PKK, müzakere masasını, silahları gömmek ve KCK/YDG-H gibi yapıların tasfiyesi ve normalleşme için değil, bir çeşit siyasi ortaklık için istiyor.
Çözüm sürecinde devlet, bu gerçeği görmedi ya da gördü ama Öcalan’la bunun zamanla tolere edilebileceğine inandı. Tecrübeler gösteriyor ki bu hem AK Parti’nin hem devletin ve hem de bölge halkının ağır bir fatura ödemesine yol açtı, Öcalan’ı da devre dışı bıraktı.
PKK’yı silahlandırmak isterken bir de baktık ki, ilçeler hendeklerle yarılmış ve o hendeklere bombalar yerleştirilmiş, bombaları patlatmak için uzatılan kabloların başına da 14-15 yaşında çocuklar nöbetçi olarak dikilmiş.
***
Nusaybin ve Cizre’deki o sokaklara şimdi, belediye başkanı olarak Ahmet Türk, milletvekili olarak Mithat Sancar da giremiyor..
Yani, Altan Tan’ın dediği gibi ‘HDP’nin gücü artık PKK’ya yetmiyor..’
KCK müzakere talep ediyorsa, elinde tuttuğu o şehirleri, ilçeleri, hendekleri kapatarak HDP’ye teslim etsin yeter, bu dahi normalleşme için iyi bir başlangıç olur.
Haziran seçimlerinde AK Parti’nin bölgede uğradığı yenilginin temel sebeplerinden biri, PKK’nın şehir ve ilçelerde yaptığı işte bu tahkimat ve kurduğu sistemdi.
Haziran seçimlerinden sonra, kamu güvenliğinin sağlanması yönünde halktan gelen taleplere hükümet aldırmaz ve bu aldırmazlık koşullarında 1 Kasım seçimlerine girilseydi, AK Parti’nin bölgedeki oyları daha da düşerdi. Belki %10’a, belki daha da az..
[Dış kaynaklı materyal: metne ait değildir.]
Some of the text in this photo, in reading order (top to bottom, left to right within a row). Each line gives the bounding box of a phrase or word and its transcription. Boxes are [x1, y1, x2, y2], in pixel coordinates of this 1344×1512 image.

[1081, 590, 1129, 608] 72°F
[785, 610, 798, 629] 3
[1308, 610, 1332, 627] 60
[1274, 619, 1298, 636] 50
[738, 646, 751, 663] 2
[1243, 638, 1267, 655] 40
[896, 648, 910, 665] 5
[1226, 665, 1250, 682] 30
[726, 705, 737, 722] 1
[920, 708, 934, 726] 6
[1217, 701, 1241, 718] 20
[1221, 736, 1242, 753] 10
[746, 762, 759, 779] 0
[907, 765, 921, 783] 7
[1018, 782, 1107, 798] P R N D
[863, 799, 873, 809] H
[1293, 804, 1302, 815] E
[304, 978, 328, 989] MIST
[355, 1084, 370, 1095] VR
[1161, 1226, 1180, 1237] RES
Bu duruma gelmiş bir Türkiye’de Allah aşkına müzakere masasında Türkiye’nin üniter birliğini konuşmaktan başka geriye ne kalacaktı?
Haziran sonrasında başlayan operasyonlar, PKK’nın moral üstünlüğünü kırdı. Bu operasyonlar olmasa ve Türkiye PKK şiddeti ve terörüne karşı yeni bir mücadele konseptini hayata geçirmeseydi, yapılacak tek şey kalırdı:
Üniter birliğimizi, PKK’nın ve arkasındaki güçlerin insafına bırakarak müzakere masasına oturmak! Demokratik özerklik ilan edilen yerlerde, devletin hükümranlık haklarını devretmesi!
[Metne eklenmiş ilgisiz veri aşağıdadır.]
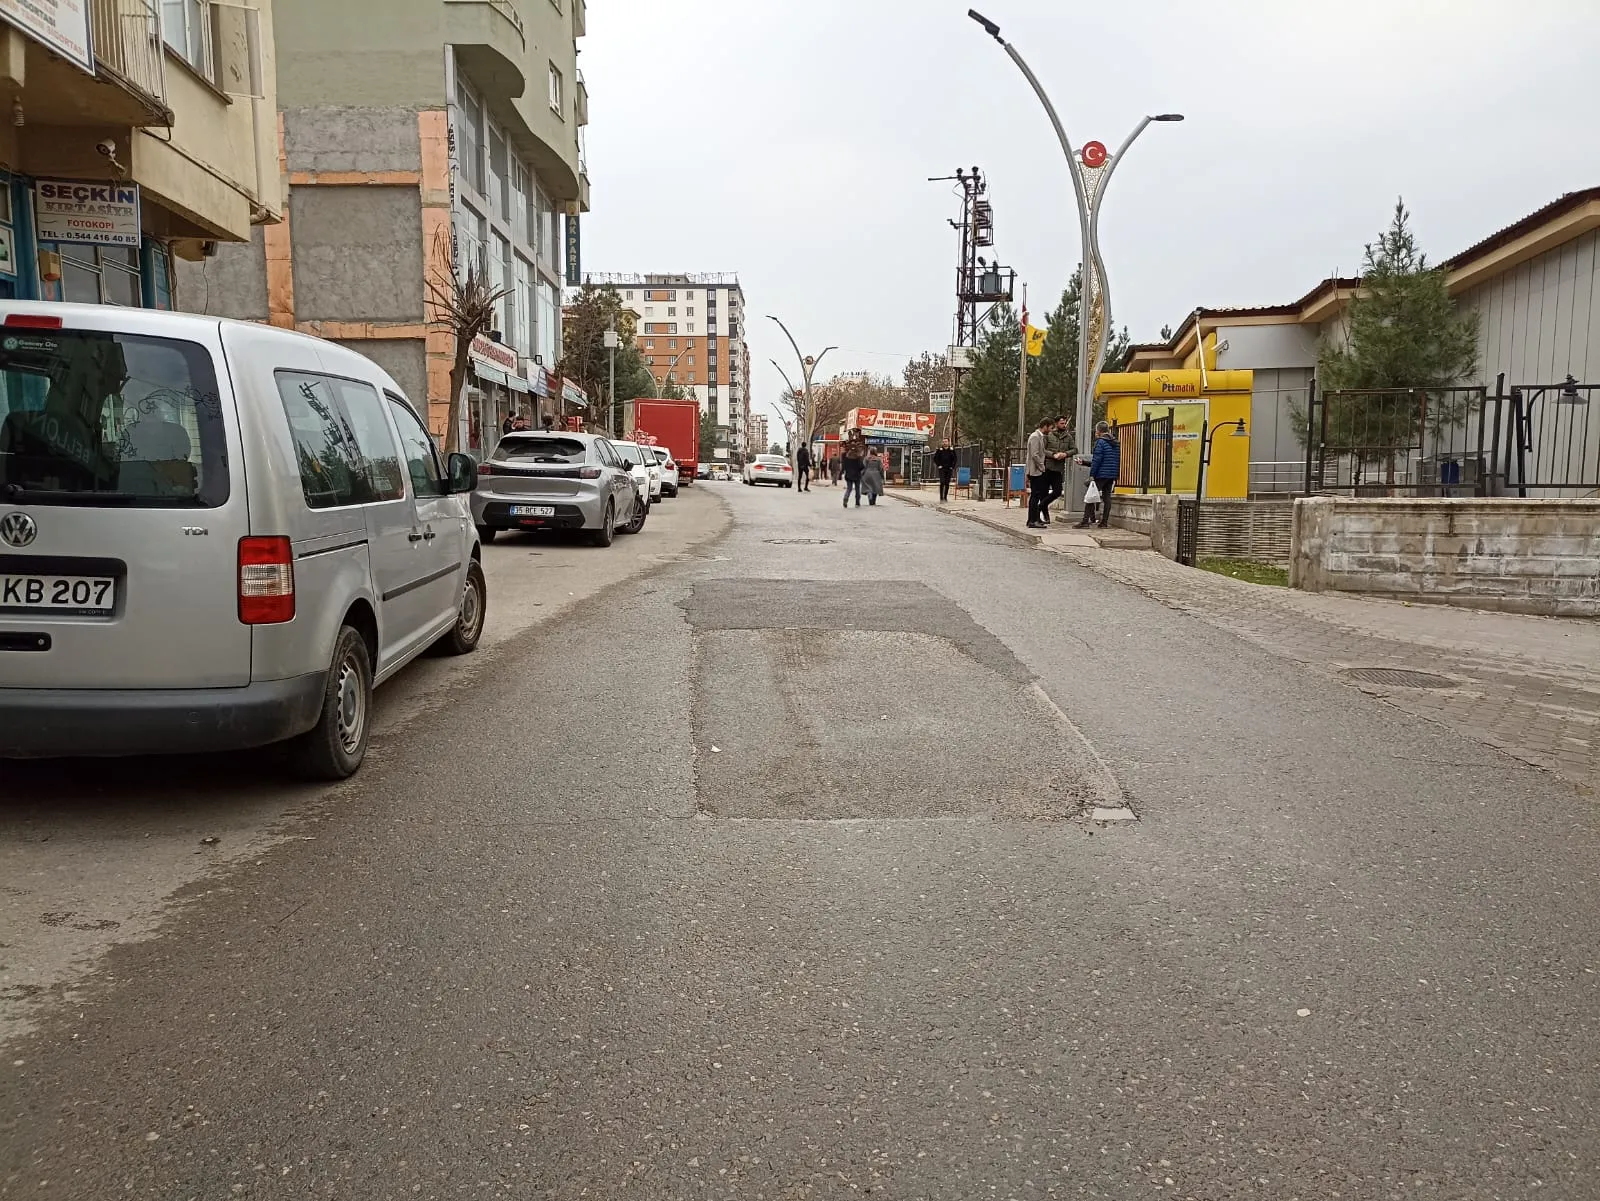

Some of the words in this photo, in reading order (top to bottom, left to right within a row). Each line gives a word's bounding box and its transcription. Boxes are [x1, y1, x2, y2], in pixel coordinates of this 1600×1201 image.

[41, 184, 134, 204] SEÇKİN
[42, 230, 59, 238] TEL
[569, 216, 577, 235] AK
[3, 578, 45, 604] KB
[51, 580, 112, 606] 207
Bu gerçekleri bilmeden, hala girilemeyen ilçeler gerçeğini gözardı ederek, müzakere masasına ve çözüm sürecine geri dönüş çağrıları yapmak, belki iyi niyetli olabilir ama cehenneme giden yolda bir iyi niyet, o kadar..
Çözüm süreci, PKK’ya tek başına hakim olacağı bir iktidar alanı açma süreci olarak yola devam edemezdi. Cumhurbaşkanının herkesten önce bu gerçeği fark etmesi, bir felaketin eşiğinden dönülmesini sağladı.
Kasım seçimlerinden sonra, bu felaketi hatırlatan yeni bir tanımlama yaptı Sayın Cumhurbaşkanı ve çözüm sürecinin, bundan böyle ‘milli birlik ve kardeşlik süreci’ olarak ifade edileceğini söyledi.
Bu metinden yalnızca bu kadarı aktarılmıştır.